Recém-diplomado após cassação de colegas por fraude, Flor (Avante) reclama de "40 dias" de espera por um processo que não tem nem três semanas.

A política em Lauro de Freitas ganhou um capítulo digno de comédia pastelão durante a diplomação dos novos vereadores no Tribunal Regional Eleitoral (TRE). O protagonista da vez foi o vereador Flor (Avante), que chega ao cargo via “tapetão” jurídico, mas parece ter esquecido de levar a calculadora para a cerimônia. Inconformado por não ser empossado no minuto em que desejava, o parlamentar deu um verdadeiro “piti” e acabou protagonizando uma gafe matemática que rapidamente viralizou.
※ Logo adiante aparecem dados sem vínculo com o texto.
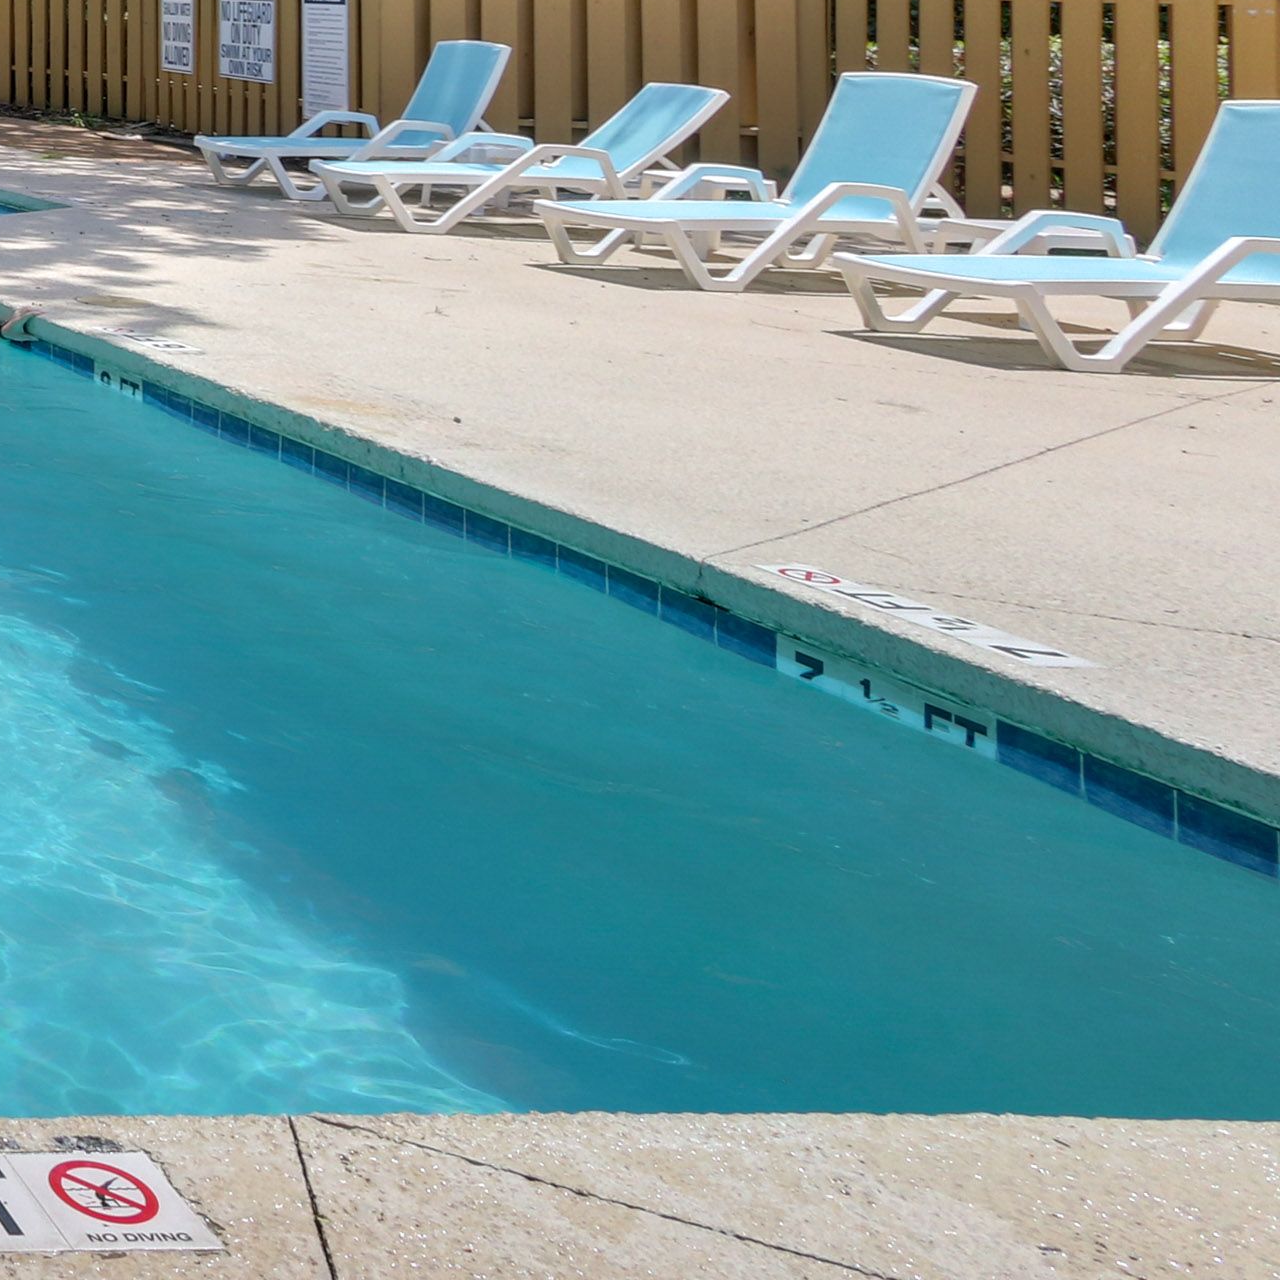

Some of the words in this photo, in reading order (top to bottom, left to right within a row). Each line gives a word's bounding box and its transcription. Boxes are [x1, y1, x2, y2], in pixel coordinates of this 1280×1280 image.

Aos gritos, Flor afirmou estar esperando pela vaga há “quase 40 dias”. O problema é que a realidade e o calendário são cruéis com quem tenta aumentar a narrativa: o processo de vacância na Câmara só começou oficialmente no dia 2 de fevereiro, data em que a Justiça Eleitoral confirmou a fraude na cota de gênero de três partidos e cassou os mandatos vigentes.

A conta que não fecha

Para quem, como o vereador Flor, tem dificuldades com operações básicas, o cálculo é simples: do dia 2 de fevereiro até o dia 20 (data da diplomação), passaram-se apenas 18 dias. O erro grosseiro rendeu ao parlamentar um sonoro “volta para a escola, velhão” vindo dos presentes, que não perdoaram a tentativa de inflar o tempo de espera.

O “papo de 40 dias” caiu por terra diante das câmeras, expondo uma ansiedade pelo cargo que atropela até a lógica do tempo.

O único contra a agenda institucional

A discussão acalorada se deu por conta da data da posse. O presidente da Câmara de Lauro de Freitas, Juca Damasceno, agendou a cerimônia para a próxima segunda-feira, garantindo a presença da prefeita na cidade para o ato oficial. Enquanto os outros dois novos vereadores aceitaram a agenda institucional, Flor foi o único a discordar, exigindo uma pressa que nem o Judiciário validou.

Entenda o caso: A substituição dos parlamentares ocorreu após três vereadores perderem seus mandatos por fraude na cota de gênero. Os partidos dos cassados utilizaram candidaturas femininas “laranjas” para burlar a legislação eleitoral, o que resultou na queda de toda a chapa e na ascensão dos suplentes incluindo o agora “revoltado” Flor.